Houstonians work from everywhere

Texas city ranks first for flex-office growth in largest markets


Houston is not just Texas’ largest city. By many measures, it’s also the one with the most urban sprawl—which is saying a lot in a state that also contains low-density metros Dallas-Fort Worth, San Antonio and Austin.

That tendency to spread out all over the place could be one of the reasons Houston was the largest U.S. market to show growth in its office flex-space—also known as coworking space—for most of last year. It was also the only large city studied in a recent CBRE report to show any expansion in the flex-space sector from the fourth quarter of 2020 through the third quarter of 2021.

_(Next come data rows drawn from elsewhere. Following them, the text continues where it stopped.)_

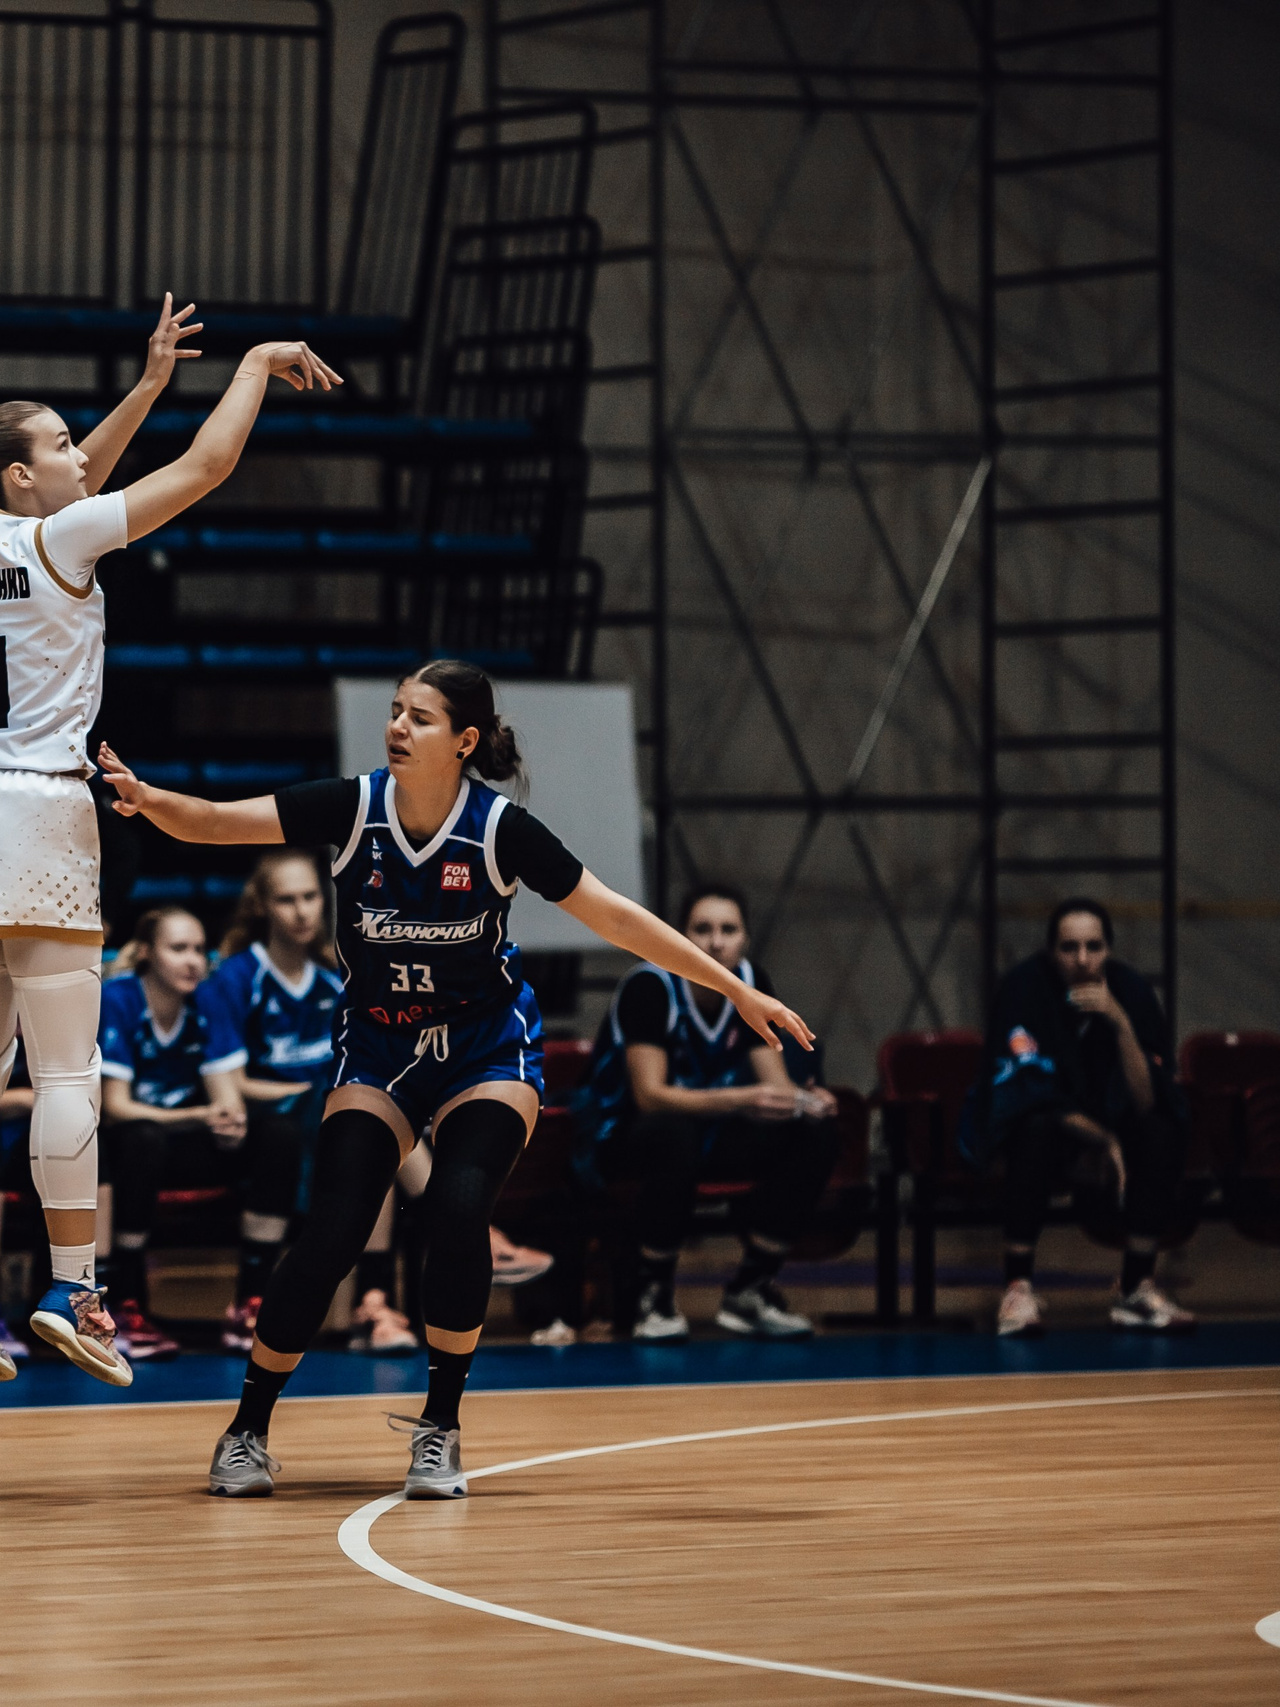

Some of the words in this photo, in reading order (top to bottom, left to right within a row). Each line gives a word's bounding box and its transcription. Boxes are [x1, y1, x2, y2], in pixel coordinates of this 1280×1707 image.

[444, 865, 470, 876] FON
[443, 876, 470, 887] BET
[390, 962, 435, 993] 33
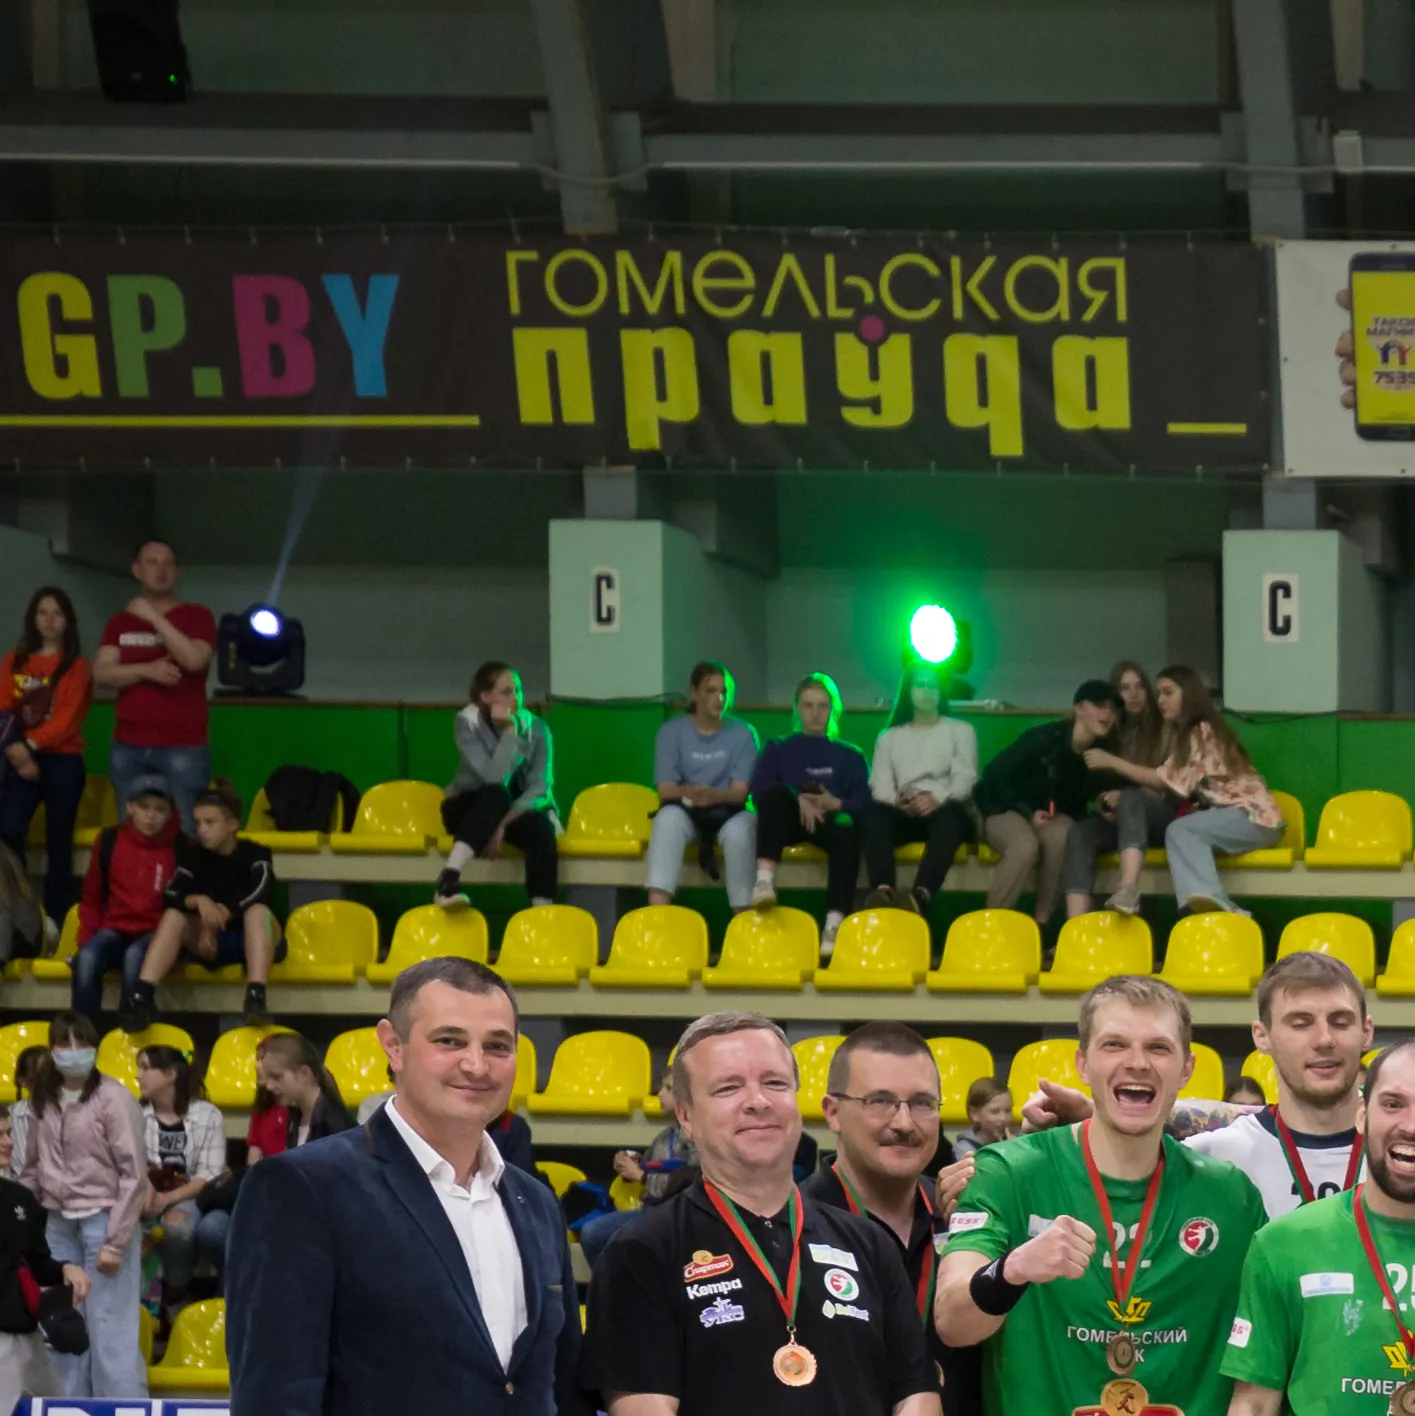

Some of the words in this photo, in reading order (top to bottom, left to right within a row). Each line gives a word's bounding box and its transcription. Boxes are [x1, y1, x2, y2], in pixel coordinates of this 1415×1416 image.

[17, 271, 400, 398] GP.BY
[687, 1279, 742, 1299] Kempa
[1067, 1325, 1188, 1344] ГОМЕЬСКИЙ

CBRE reports a 5.3 percent expansion in the city during that period, with the seventh-largest flex space inventory among all the markets the company analyzed. Flex space accounted for 1.4 percent of office space in the city, which was about 3.1 million square feet at the end of the study period. It credits Dallas-founded coworking company Common Desk—the first company WeWork bought after going public late last year—for leading the charge in the Houston expansion.

The report analyzed 49 North American markets and found that 15 recorded a net expansion of flex square footage for that period, 28 showed a net contraction and six saw no change. Most of the expansion took place in secondary and satellite markets such as suburban Maryland. Houston was the largest market to post an increase.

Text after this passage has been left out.